Although the records contain pictures, only their text should be reproduced, exactly as written.

== Segment start ==

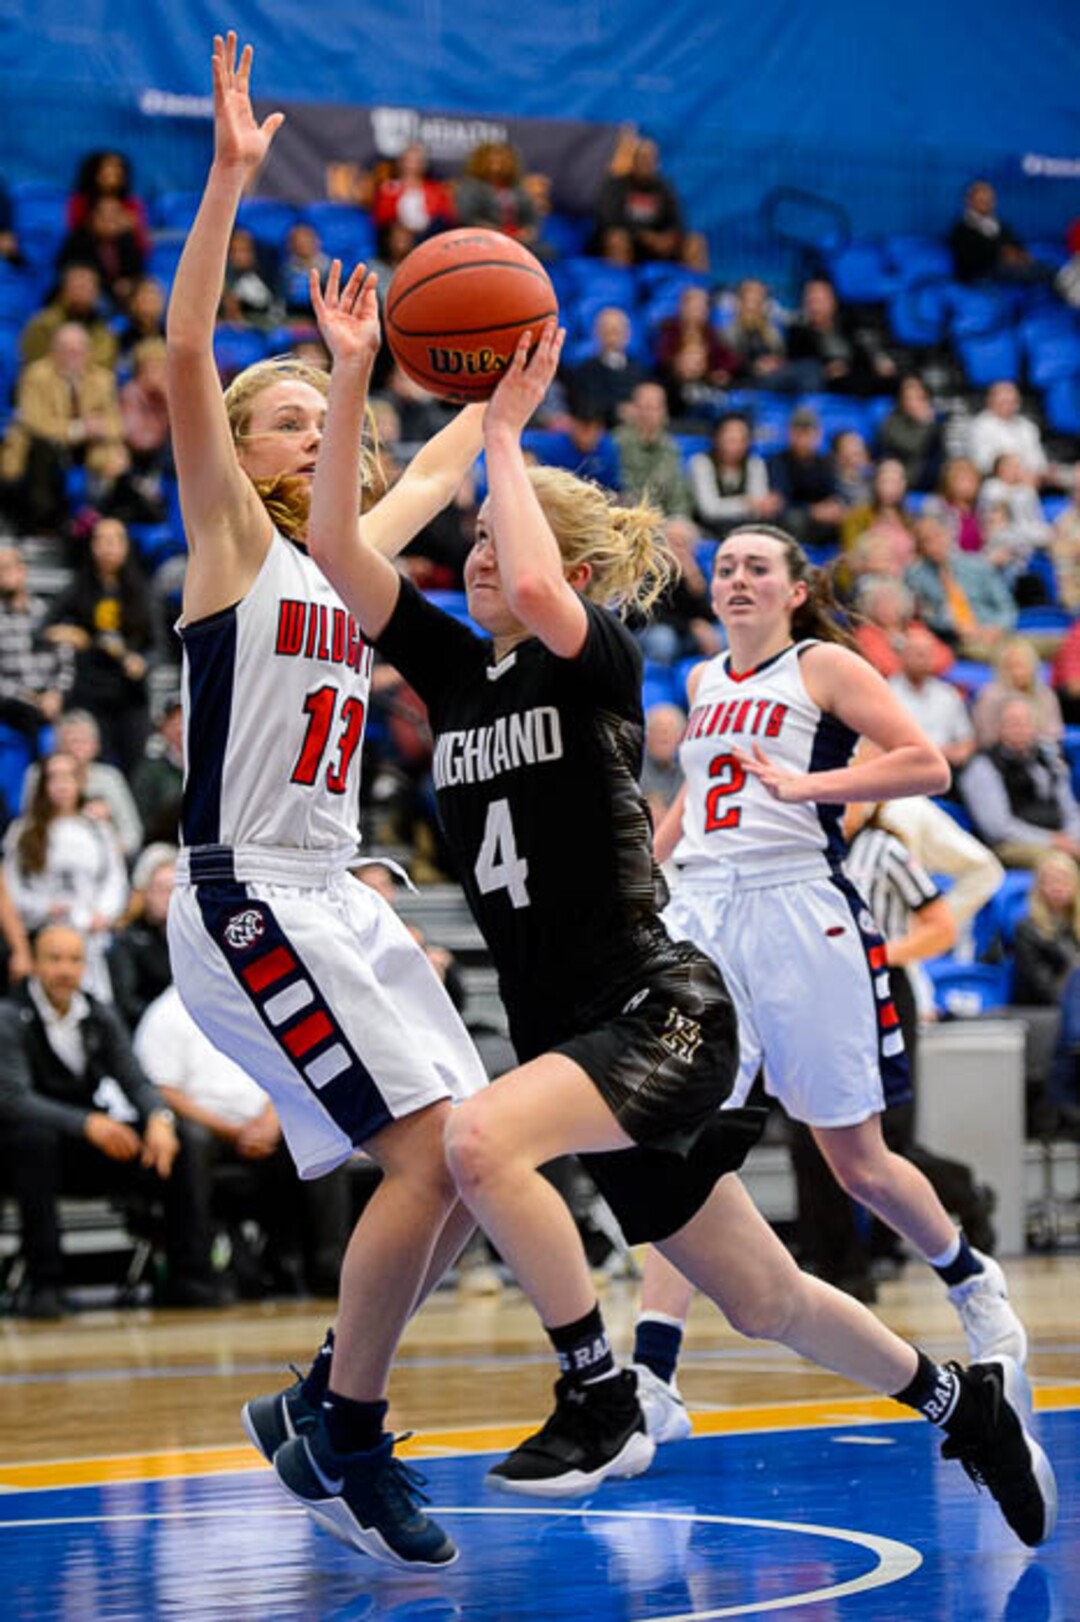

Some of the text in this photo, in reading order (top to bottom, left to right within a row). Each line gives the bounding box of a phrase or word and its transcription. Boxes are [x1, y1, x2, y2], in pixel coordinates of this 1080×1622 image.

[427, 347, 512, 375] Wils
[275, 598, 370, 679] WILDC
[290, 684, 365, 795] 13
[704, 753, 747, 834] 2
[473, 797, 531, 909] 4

== Segment end ==

**Output of the task:**
Some of the text in this photo, in reading order (top to bottom, left to right within a row). Each line gives the bounding box of a phrase or word and its transcription. Boxes are [x1, y1, x2, y2], in pixel coordinates of this 1080×1622 image.

[427, 347, 512, 375] Wils
[275, 598, 370, 679] WILDC
[290, 684, 365, 795] 13
[704, 753, 747, 834] 2
[473, 797, 531, 909] 4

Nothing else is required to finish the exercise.